Morizio v DPP & Ferraro: extending time to make application for exclusion when delay not due to neglect of applicant (13 August 2009)

Morizio v DPP & Ferraro Extension of time

On 27 July 2009, Osborn J handed down a ruling in relation to an application under s.51(3) of the Confiscation Act 1997, granting leave to third party applicants for exclusion to apply to exclude automatically forfeited property out of time.

In summary, the applicants for exclusion, the grandparents of the offender, claim an interest in real estate which was automatically forfeited. As third parties, they were entitled to make application for exclusion of their interests in automatically forfeited property pursuant to s.51 of the Confiscation Act 1997.

However, s.51(2) required such application to be made within 60 days after the date on which automatic forfeiture occurred. The application for exclusion was not made within those 60 days.

Pursuant to s.51(3) “the Court that made the relevant restraining  order may grant a person leave to apply after the end of the period referred to in sub-section (2) [being the period of 60 days after the date of conviction] if it is satisfied that the delay in making the application is not due to neglect on the part of the applicant”.

In order to obtain leave to make the application for exclusion, the applicants had to demonstrate that their failure to make application for exclusion within the relevant time was not due to their neglect.

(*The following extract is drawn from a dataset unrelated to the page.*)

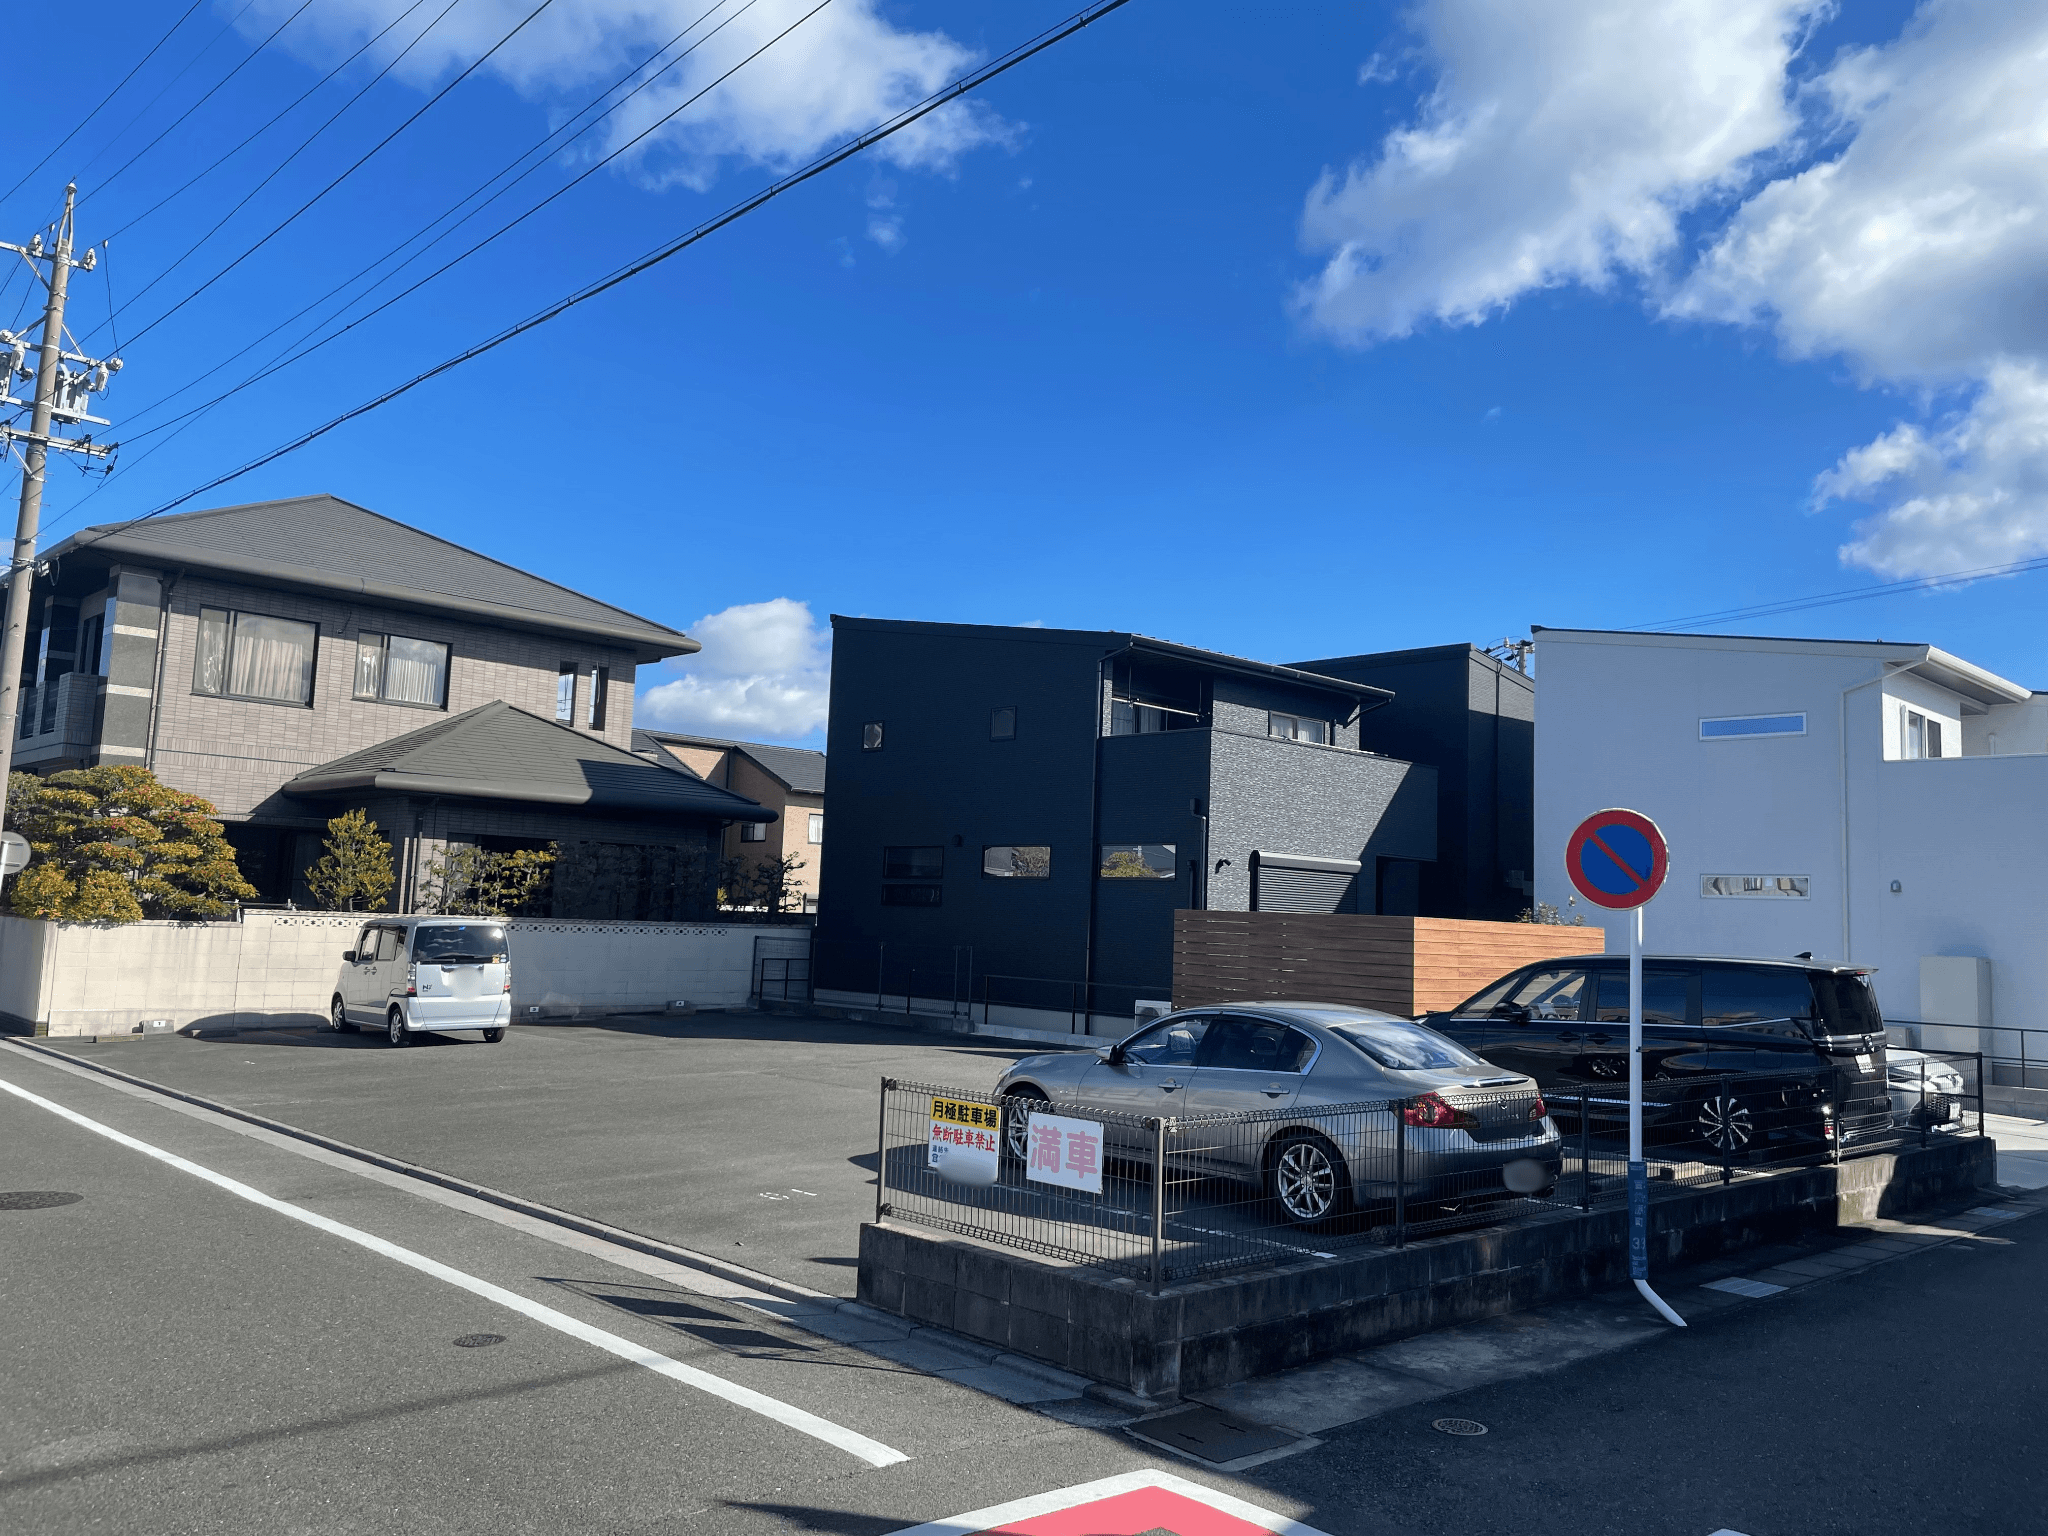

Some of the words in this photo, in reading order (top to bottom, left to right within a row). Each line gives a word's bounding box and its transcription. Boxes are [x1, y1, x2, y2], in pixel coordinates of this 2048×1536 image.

[933, 1101, 997, 1128] 月極駐車場
[932, 1124, 995, 1152] 無断駐車禁止
[1030, 1124, 1098, 1179] 満車

The applicants gave evidence to the effect that they relied upon the advice of a solicitor who told them that it was not necessary to make application for exclusion until after sentencing.

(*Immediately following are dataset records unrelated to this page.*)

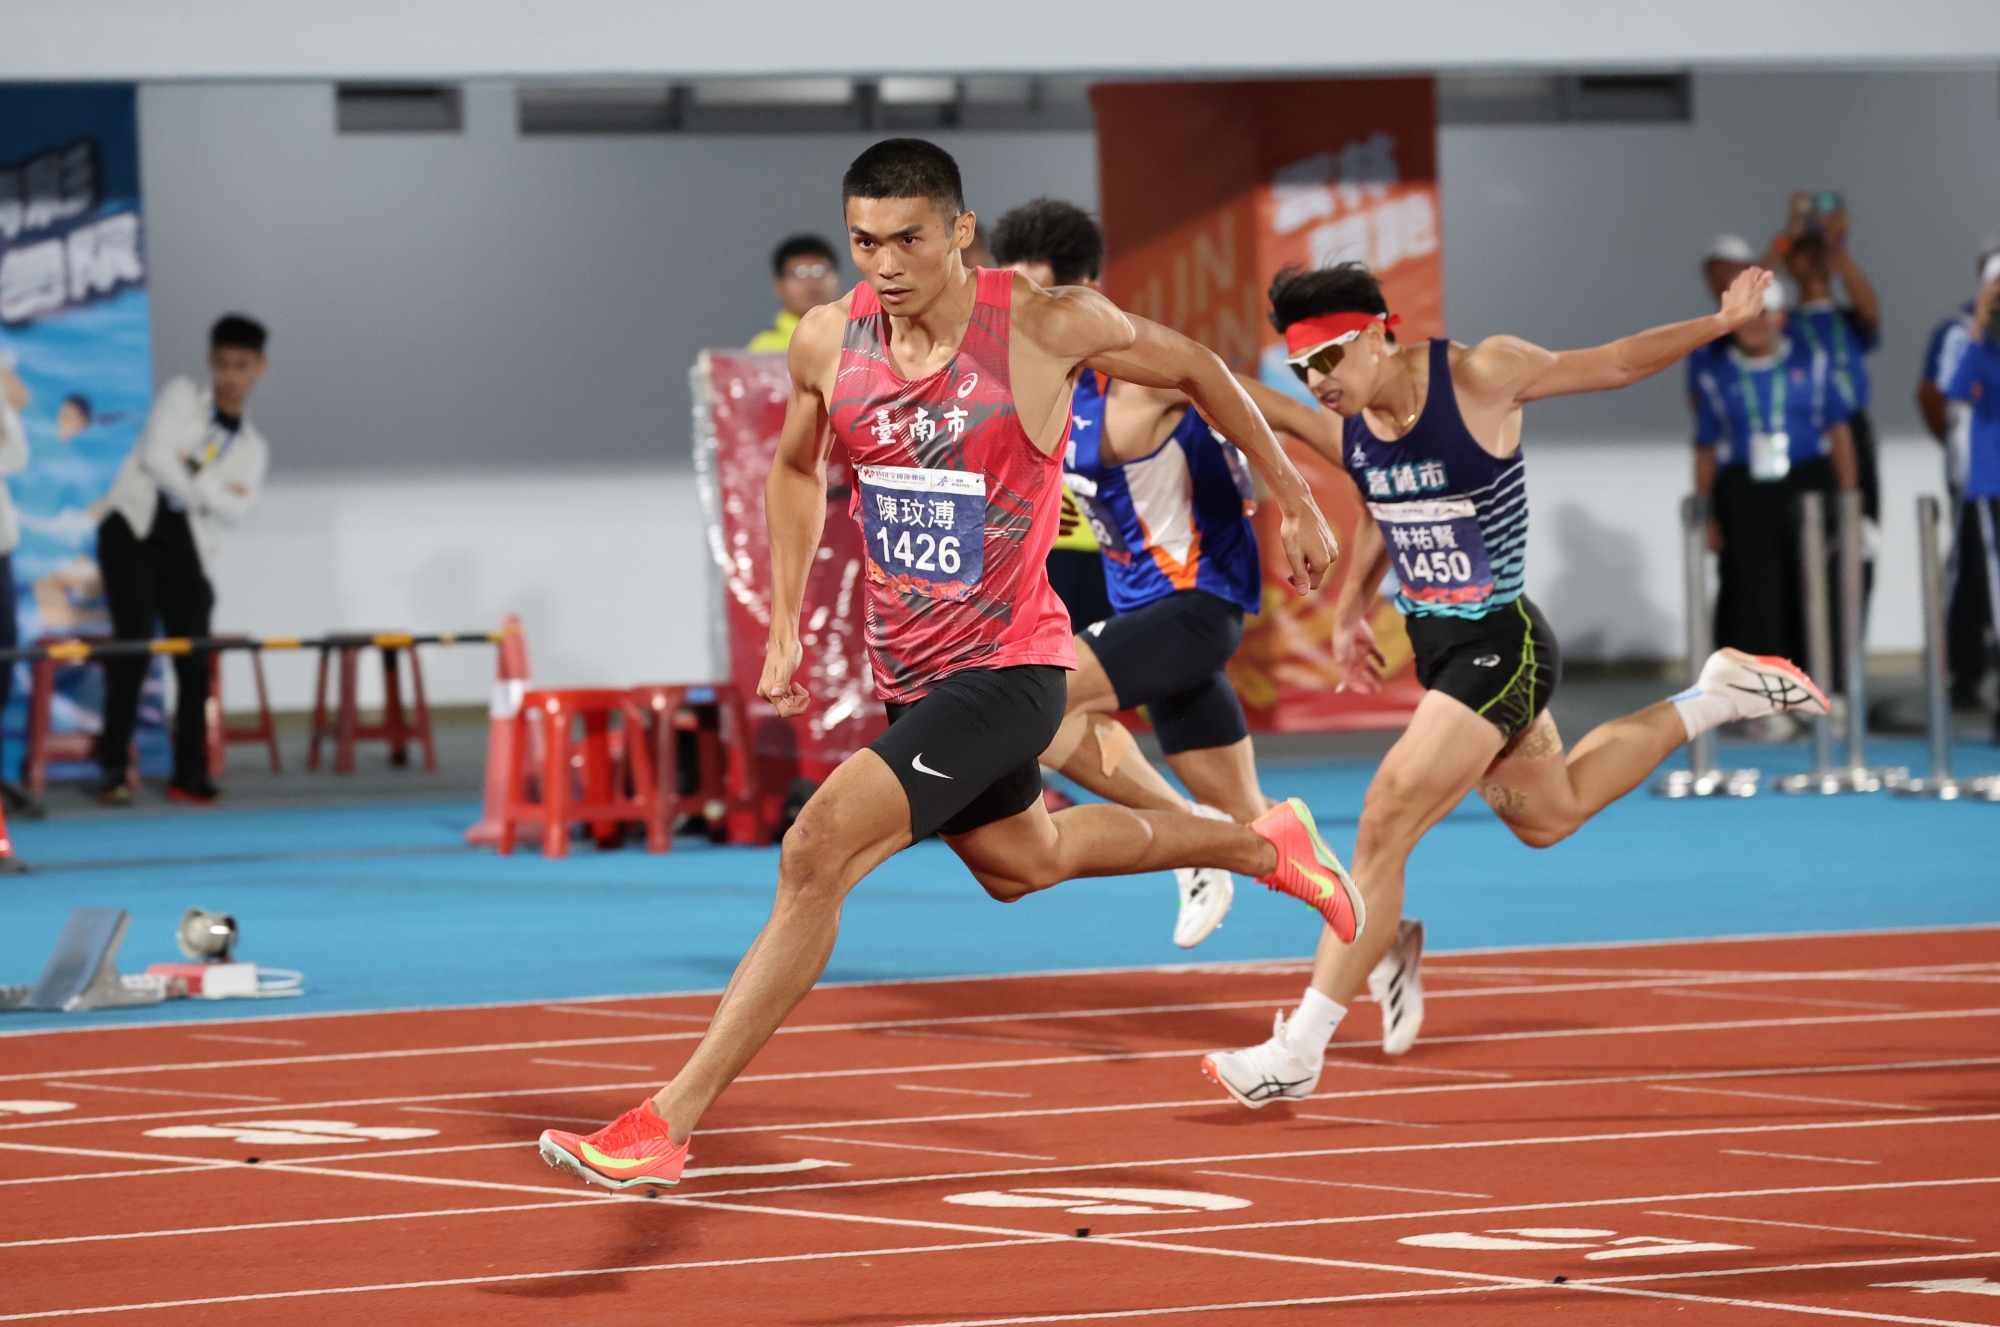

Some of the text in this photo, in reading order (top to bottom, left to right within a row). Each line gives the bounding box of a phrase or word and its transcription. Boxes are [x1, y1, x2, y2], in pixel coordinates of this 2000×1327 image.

[870, 404, 968, 446] 臺南市
[1365, 460, 1447, 496] 高雄市
[875, 493, 956, 530] 陳玟溥
[876, 526, 961, 574] 1426
[1390, 524, 1459, 551] 林祐賢
[1398, 550, 1472, 583] 1450

The solicitor may have taken that view, erroneously, based upon the confusion which had surrounded litigation under the Confiscation Act 1997 as to the proper date for “conviction”. As was explained in the Asset Confiscation Update dated 26 June 2009, the Court of Appeal has now finally determined that a conviction occurs, in the case of a plea, at the time of the arraignment.

In his ruling, Osborn J at [15] stated:

“Accordingly two questions arise for me. Firstly whether the precondition has been satisfied [being the precondition that the delay is not due to the neglect of the applicants] and, secondly, whether if it has been satisfied the Court should exercise its discretion in favour of the applicants”.

Importantly, Osborn J held that it was insufficient merely to demonstrate that the delay in making the application for exclusion was not due to the neglect of the applicants. Something further was required, namely to demonstrate that there was some merit to the application for exclusion. Osborn J was satisfied on both counts and, accordingly, granted leave.

Although the test in s.51(3) is different to the test set out for the extension of time within which to make an application for exclusion from a restraining order under s.20(1B) of the Confiscation Act 1997, it is likely that, in order to satisfy the test under s.20(1B), the Court will also be interested in the merits of the application at the time that it makes an order for an extension of time.

To date, applications for an extension of time under s.20(1B) of the Confiscation Act 1997 have generally been resolved without the need to demonstrate some merit. Having said that, the threshold in respect of “merit” is likely to be very low and should only require an applicant for exclusion to demonstrate that they could arguably demonstrate some interest in the restrained property.